Erode e Filippo, edificando la città di Cesarea, avevano voluto esaltare il potere universale  di Roma, accattivarsi la benevolenza dei grandi per poter ancora illudersi di contare qualcosa tra le gerarchie dell’impero. Uomini di paglia, accecati dall’orgoglio e dalla paura di perdere il loro piccolo potere. Anche oggi è lo stesso: ci sono decine di piccoli satrapi alla corte dei potenti. 
Il dio Pan, nella mitologia greca, è un dio mezzo uomo e mezzo capra, legato alle selve, alla pastorizia  e alla natura, associato anche alla fertilità e alla sessualità. Dunque in questa località si affermano due poteri senza regole e senza limiti: il potere politico e militare con tutti i suoi leccapiedi, e il potere di una sessualità trasgressiva e maschilista che dilaga senza freni. È in questo preciso contesto che Gesù chiede ai suoi: «La gente, chi dice che sia il Figlio dell’uomo?». 


La risposta dei discepoli è sorprendente: assimilando Gesù al Battista, ad Elia o a Geremia, la gente intuisce, al di là dell’ammirazione per questo profeta di strada, che questo “Figlio dell’uomo” avrà un destino di sofferenza, come è capitato per tutti i profeti. Ma a questo punto Gesù interroga i discepoli sul loro personale coinvolgimento con il suo destino. L’esperienza dei discepoli non può limitarsi alla stessa considerazione di fede che la gente ha della sua persona. Risponde Pietro per tutti: «Tu sei il Cristo, il Figlio del Dio vivente». Il termine “Cristo” è la traduzione dell’antico  termine ebraico “Messia”, strettamente legato alla “regalità”, frutto di una investitura divina. Da Davide in poi tutti i re di Israele furono unti con l’olio dell’unzione per governare e guidare il popolo: alcuni furono re saggi, altri stolti, altri malvagi.

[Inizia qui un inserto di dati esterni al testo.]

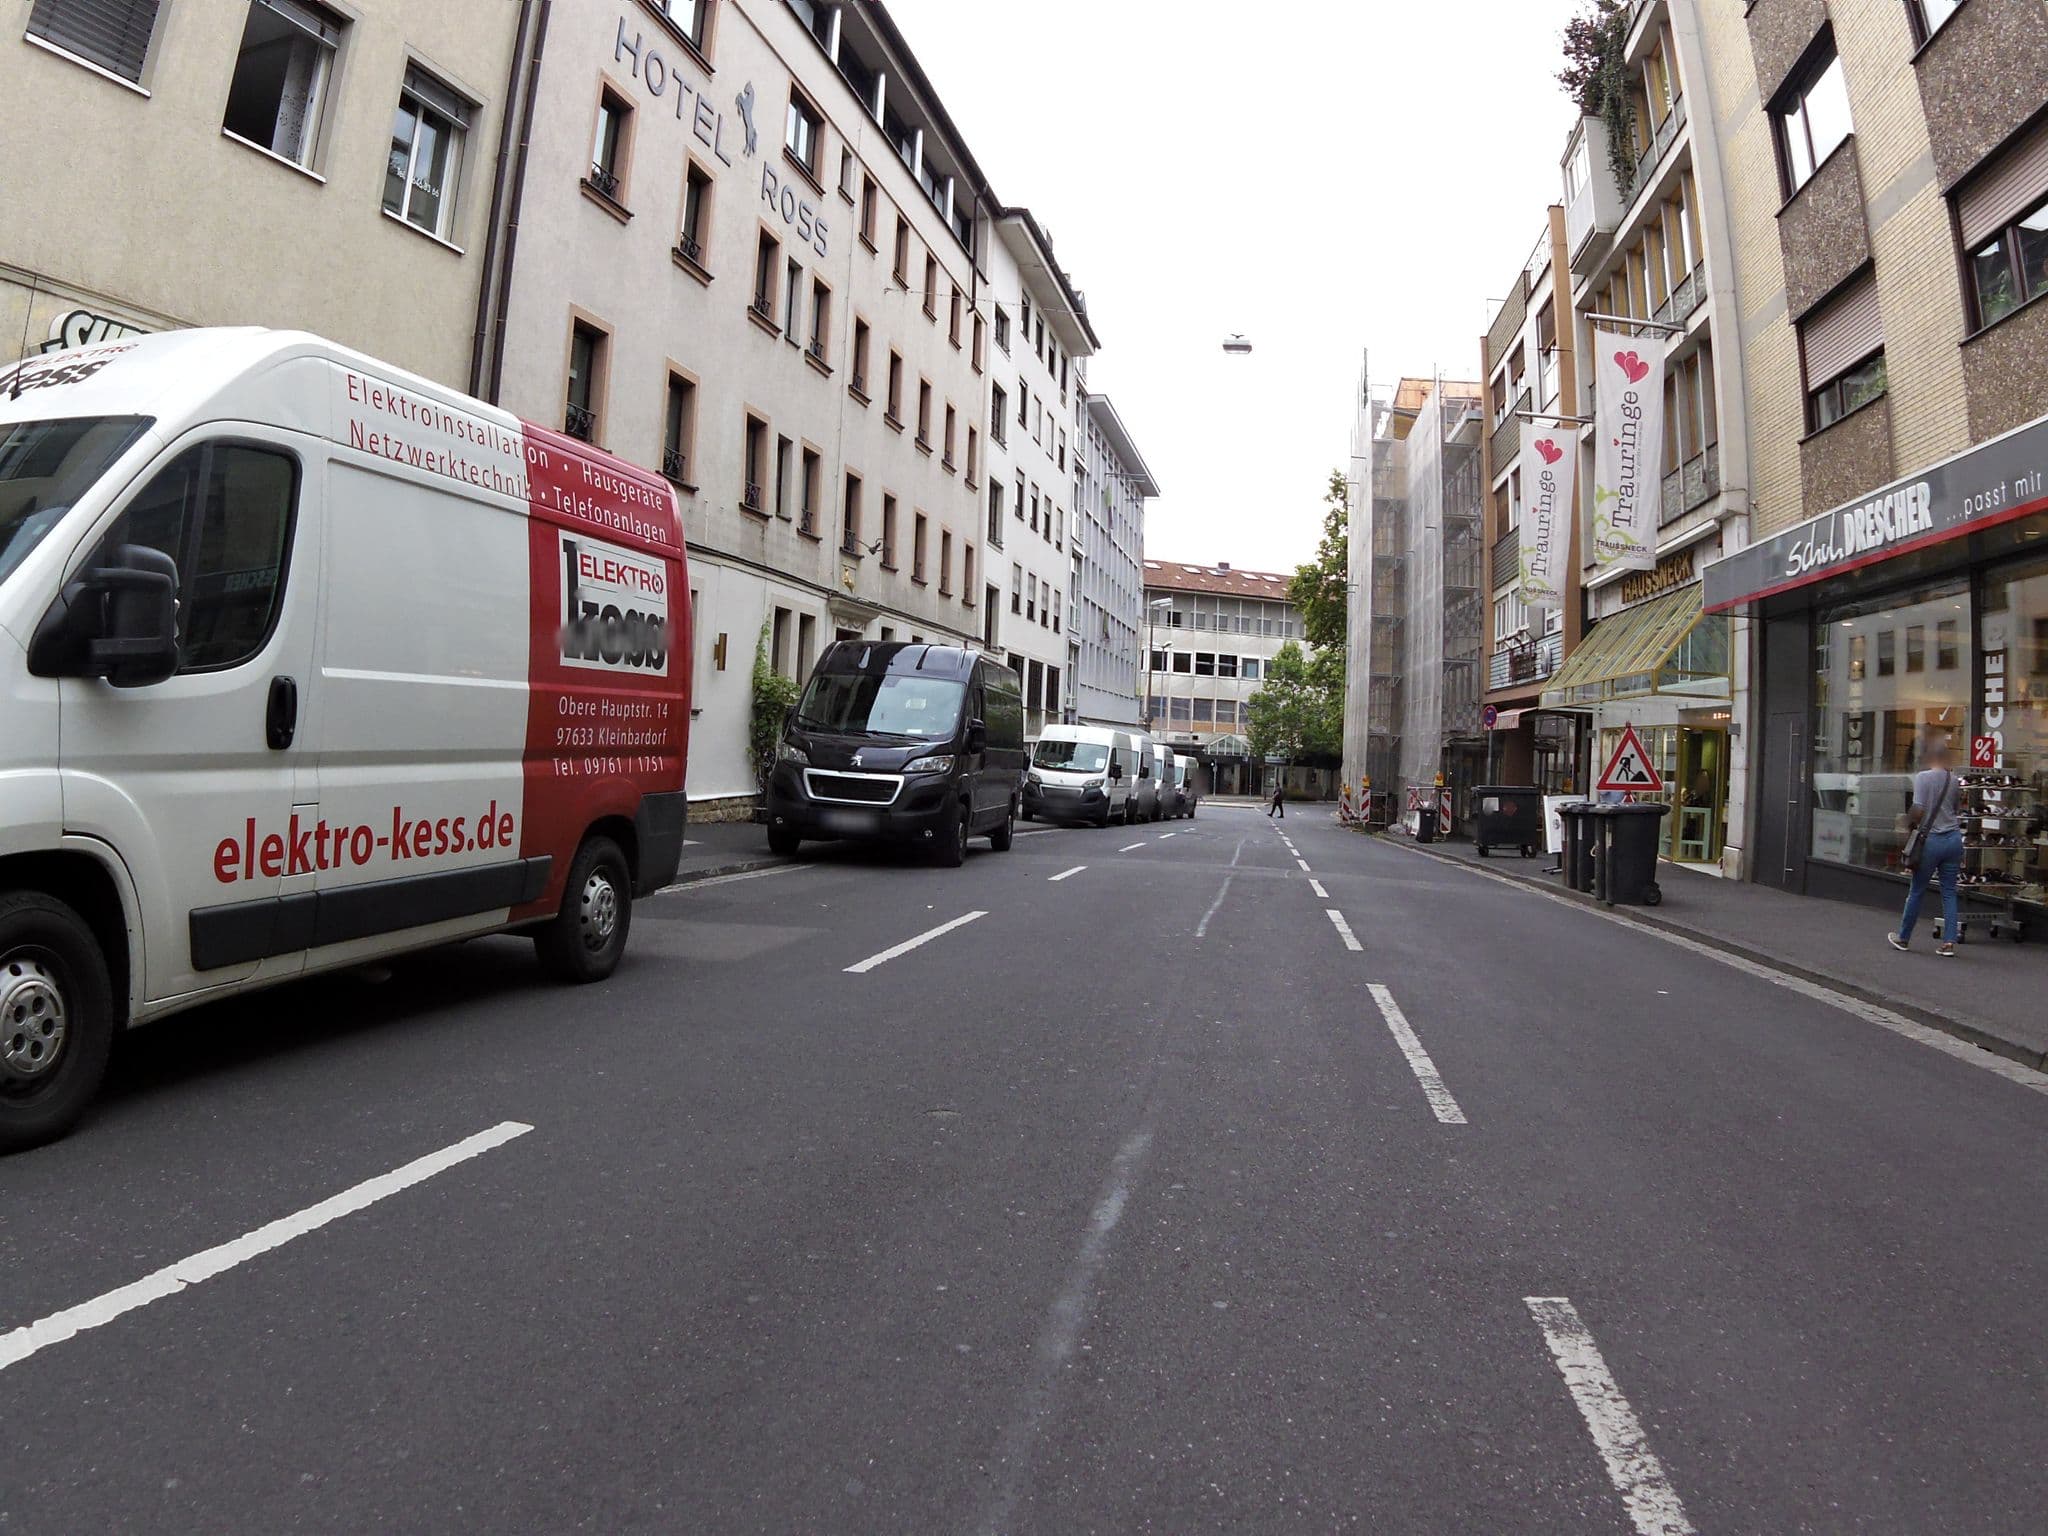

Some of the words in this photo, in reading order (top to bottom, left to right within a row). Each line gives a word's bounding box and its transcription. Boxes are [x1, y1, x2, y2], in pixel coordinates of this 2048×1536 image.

Il profeta Isaia profetizza che, dalla stirpe Davide, sarebbe sorto in un futuro un re che avrebbe ristabilito la giustizia: «Egli sarà giudice fra le nazioni  e sarà arbitro fra molti popoli. Forgeranno le loro spade in vomeri, le loro lance in falci, un popolo non alzerà più la spada contro un altro popolo, non si eserciteranno più nell’arte della guerra» (Is 2,1-5). Alla fine del VI secolo a. C. il profeta Ezechiele, avverso alla monarchia, scriverà: «Susciterò un pastore che pascerà le mie pecore, il mio servo Davide. Egli le condurrà al pascolo, sarà il loro pastore» (Ez 34, 23). Pietro riconosce che Gesù è il Messia che deve venire, il Figlio del Dio vivente, il pastore che condurrà il popolo ai pascoli di vita. 

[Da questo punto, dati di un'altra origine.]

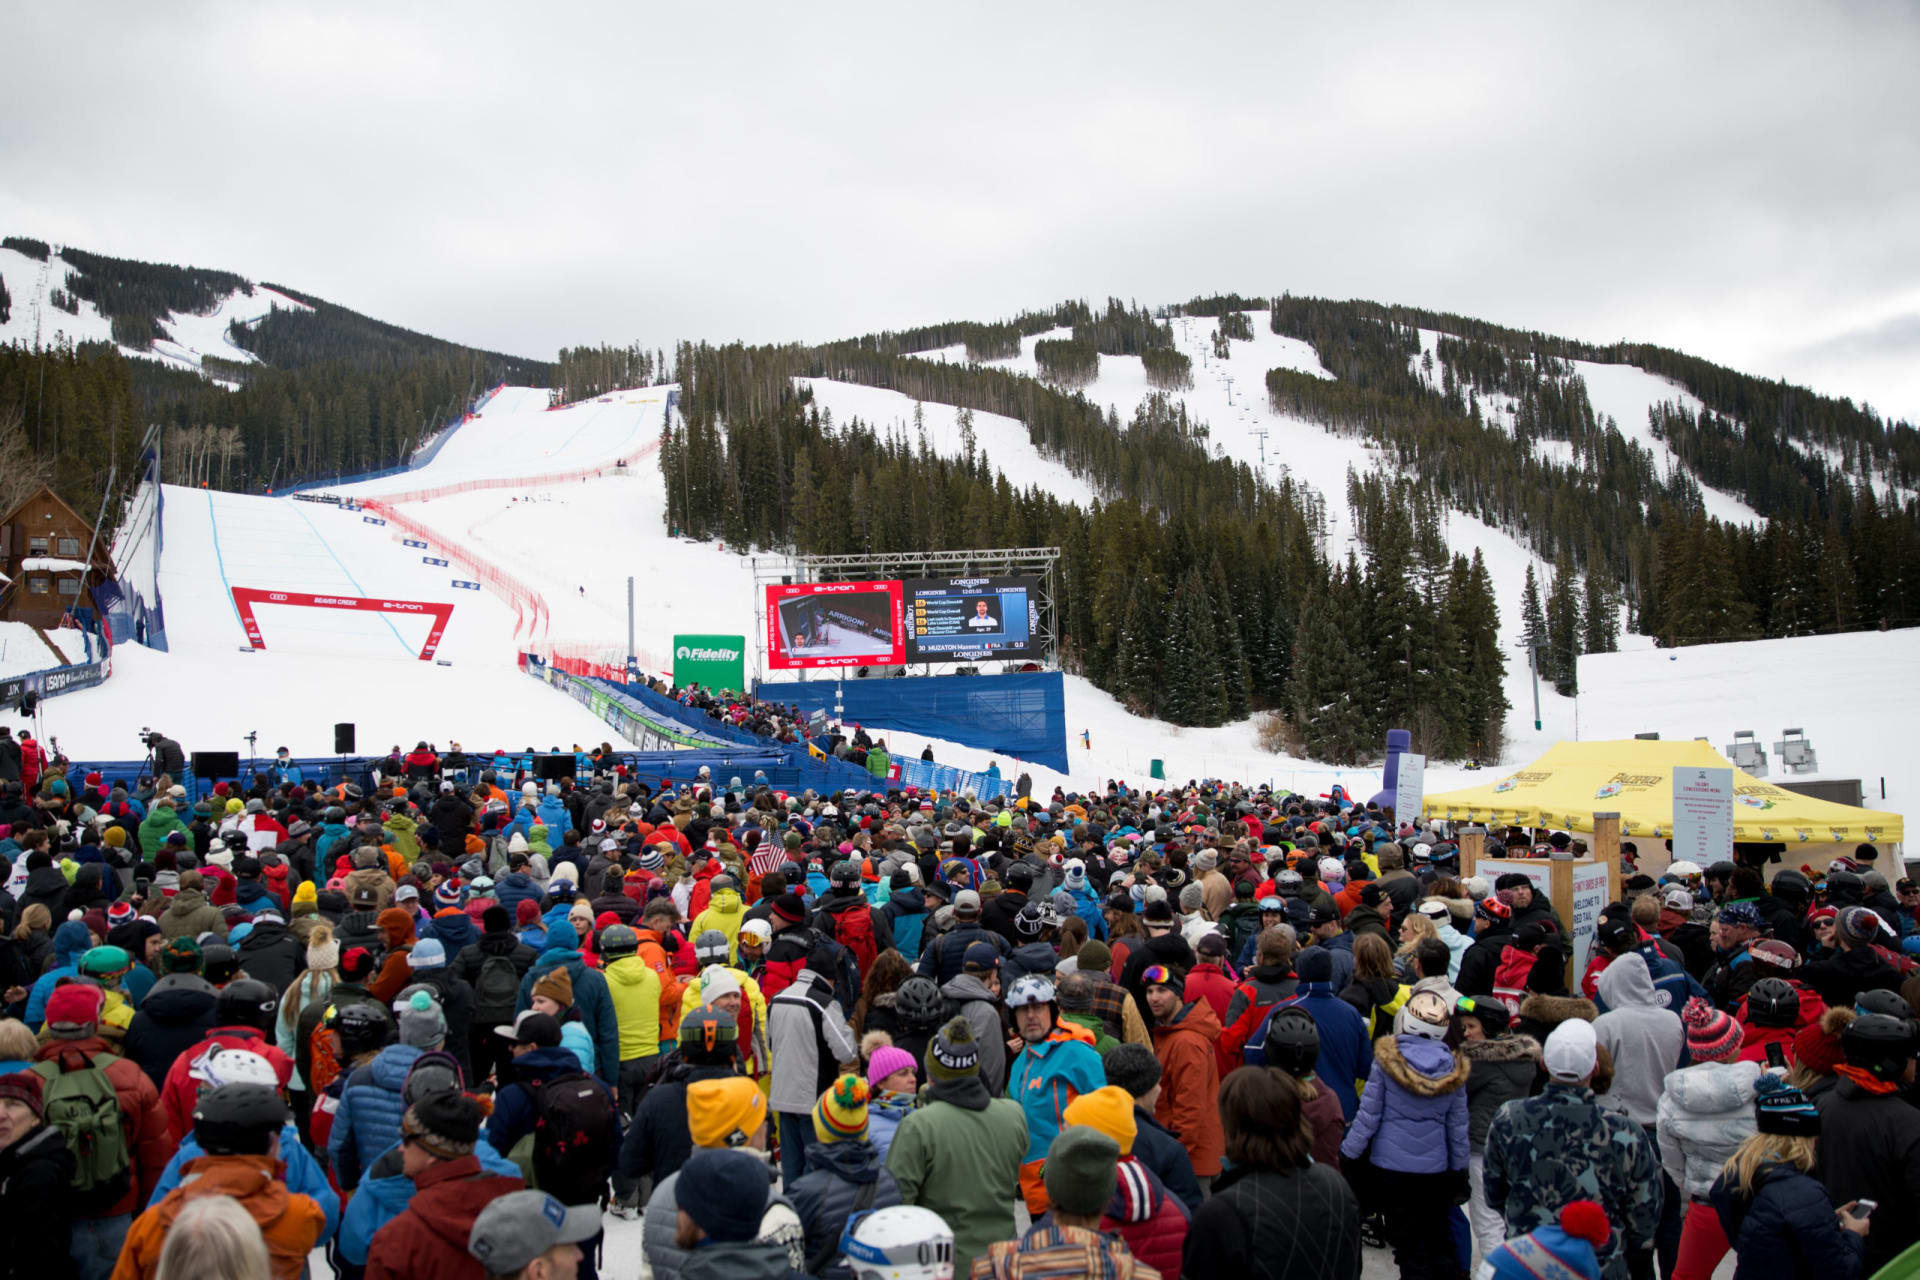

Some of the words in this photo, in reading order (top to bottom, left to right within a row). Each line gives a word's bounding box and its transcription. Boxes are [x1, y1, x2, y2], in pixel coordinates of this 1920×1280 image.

[314, 597, 337, 605] BEAVER
[383, 602, 423, 610] e-tron
[828, 610, 864, 627] ARRIGONI
[907, 605, 915, 639] LONGINES
[690, 648, 739, 661] Fidelity
[45, 672, 66, 691] USANA
[1608, 772, 1662, 785] PACIFICO
[1573, 897, 1594, 910] WELCOME
[1595, 896, 1600, 905] TO
[848, 1241, 874, 1260] SMITH

«Beato sei tu, Simone»: la beatitudine di Pietro non è quella di essere entrato in possesso di una sapienza “secondo la carne”, ma di aver ricevuto il dono di quella spontaneità intuitiva tipica dei piccoli, ai quali il Padre piace rivelare il suo mistero, che è il mistero del Figlio.
Per Matteo la Chiesa, fondata sulla confessione di fede di Pietro, è la dimora di Gesù, il pastore voluto da Dio, il nuovo tempio. Se il vero fondamento ecclesiale è Cristo, Pietro partecipa a questo compito: la sua fede  in Gesù Cristo sarà la “pietra” che darà unità e renderà saldo  tutto l’edificio.


In un contesto mondiale, nel quale dilagano come una devastante marea nera potenze distruttive ed emergono nuovi imperialismi e nazionalismi nefasti, dove l’uomo è negato nel suo stesso diritto all’esistenza in nome di una economia che uccide e di un potere idolatrico, il successore di Pietro, e tutta la Chiesa con lui, deve stringersi sempre più attorno a Gesù, Messia di pace, il profeta mite e umile di cuore, per garantire un futuro all’intera umanità. La bestia è già colpita a morte, al di là di quello che appare. Il Cristo del Vangelo, attraverso la sua vita donata fino alla fine, svuota tutti i poteri di questo mondo, rendendoli  inutili e insignificanti. 


Giorgio Scatto,
monaco a Marango 


“Che dice la gente che io sia?”. Ma non gli interessa quel che la gente dice. Gli interessa sapere chi è per loro, i discepoli. Gli interessa che si pronuncino di persona. “Ah, dicono che sei un profeta, Elia redivivo…”. Non sono granché coinvolti, danno informazioni, forse sono compiaciuti che il loro maestro sia considerato un grande. S’è detto anche di recente che è un rivoluzionario, un socialista, un giusto che ci ha rimesso di persona, come sempre succede.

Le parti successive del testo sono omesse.